My wife worries about me when I'm alone.  I rarely sleep ( being around people is about the only thing that seems to make me tired. With complete solitude I can go on 1-4 hours sleep every 26- and that's weird in itself because it seems that my natural sleep cycle is set to a 26 hour day). I don't eat much or often, just when I'm both hungry and not absorbed in something else, which makes perfect sense to me, but since it comes out to eating once every other day (plus whatever I graze as I hike along) she worries.

Then she finds out what I am eating (currently a ramen noodle soup with leftover ham and kangaroo) and worries more.

These tendencies don't come out much around people.  Left to myself I eat to refuel or for fun, and cooking is more fun than eating.  Sleep is a form of time travel for when there is nothing else to do.  Around people, it's different.  There are meal times, and people seem to get seriously grumpy if the schedule is off by much.  Social eating- which I understand, hospitality was a big piece of my family's moral culture- but people over time do notice if you don't eat and act concerned, which leads to caring conversation, which makes me tired.  Or they act hurt if they notice you aren't eating with them.  So I eat and I smile.

Conversation for conversation's sake is a grind. When there is something to talk about, I enjoy conversation.  Even debate and arguing, but especially exploring someone else's mind: What do you think?  What do you believe? Why? How does that affect this?  But conversation just for it's own sake, just for bonding is an effort and makes me tired.  If I spend time in your presence, I already like you, OK?  There is no need for mutual babbling to confirm the fact.

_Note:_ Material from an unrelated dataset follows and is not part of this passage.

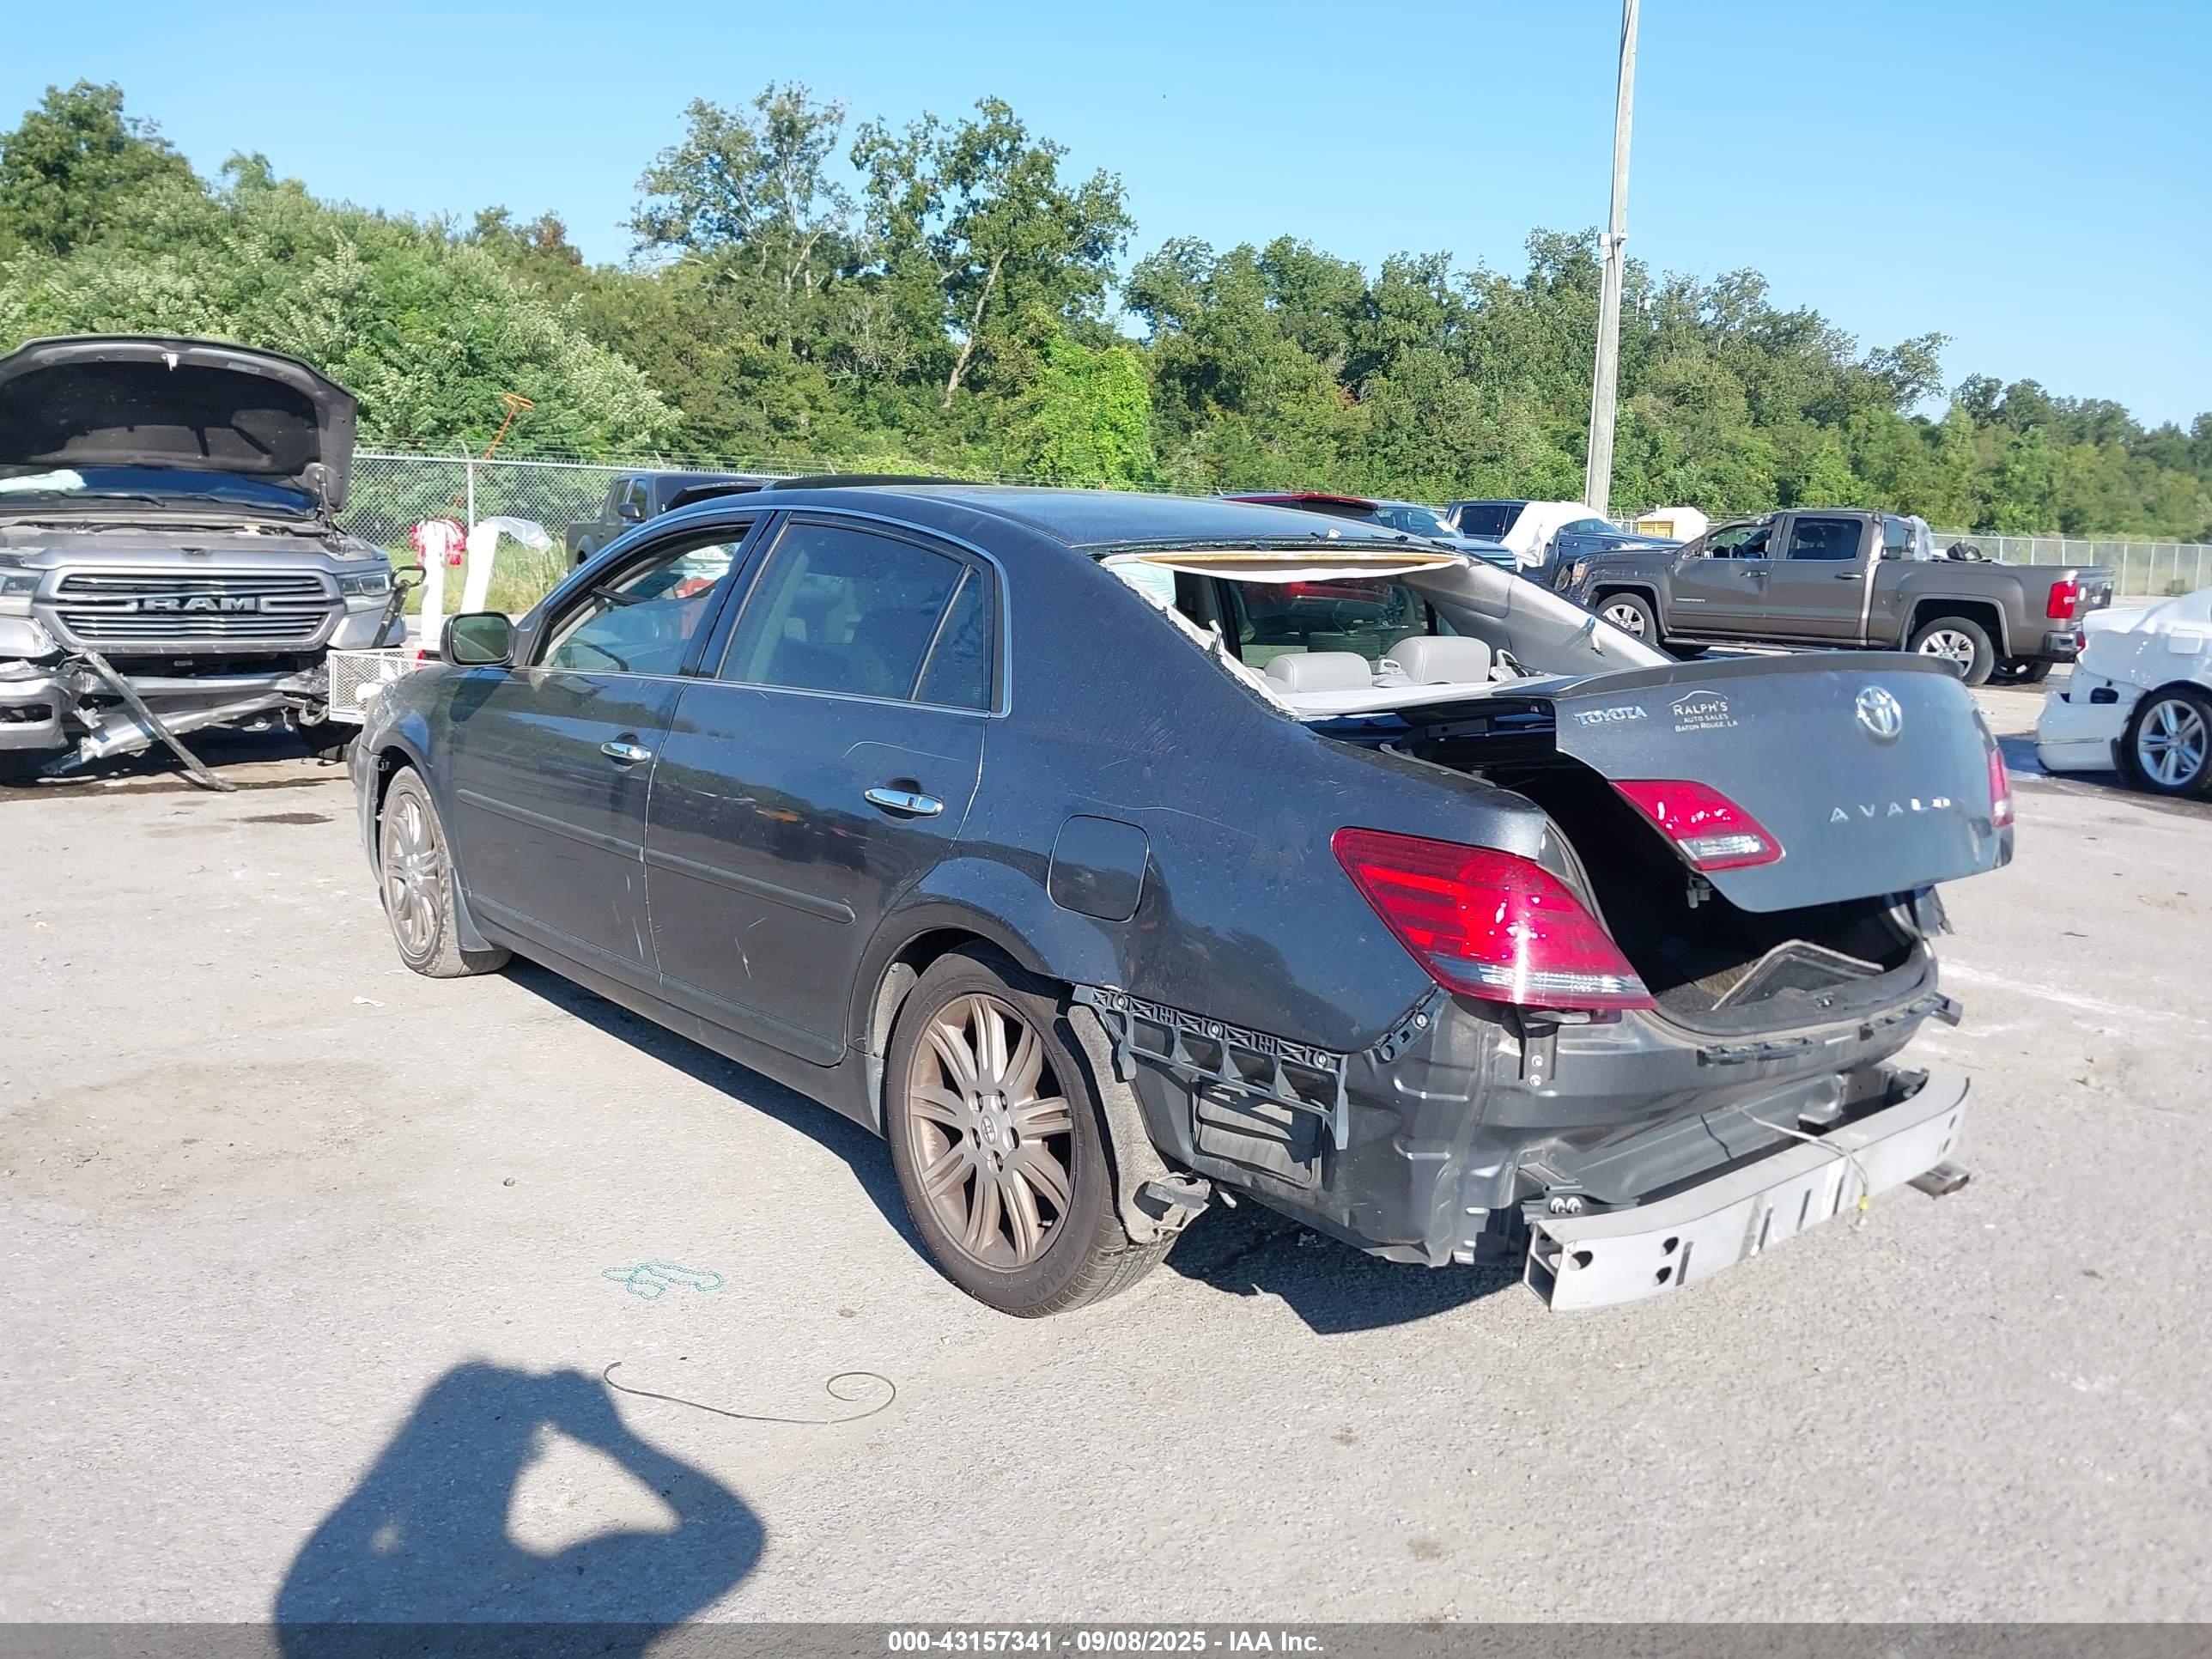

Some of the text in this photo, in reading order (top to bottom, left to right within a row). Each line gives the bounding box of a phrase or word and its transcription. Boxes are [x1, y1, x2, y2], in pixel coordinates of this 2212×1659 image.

C'mon.

Half a day alone today and I could feel the psychic human gunk of a very long week flushing away.  That's good. Now I'm going to eat my kangaroo (seriously, how could you have an opportunity to eat 'roo and turn it down?)


Anonymous said...

I recall that there was research done long time ago and that 26 hours is natural cycle for human. It conflicts with cycle of sunlight though. Research was done by placing people in dark place and letting them to find their own balance.

Regarding food, I'm sometimes concerned with opposite; that people eat by hours and don't feel hunger or satiation.


Kai Jones said...

I recall follow-up research suggesting that there are benefits to resetting the body clock to 24 hours every day, regarding metabolism and hormone effects.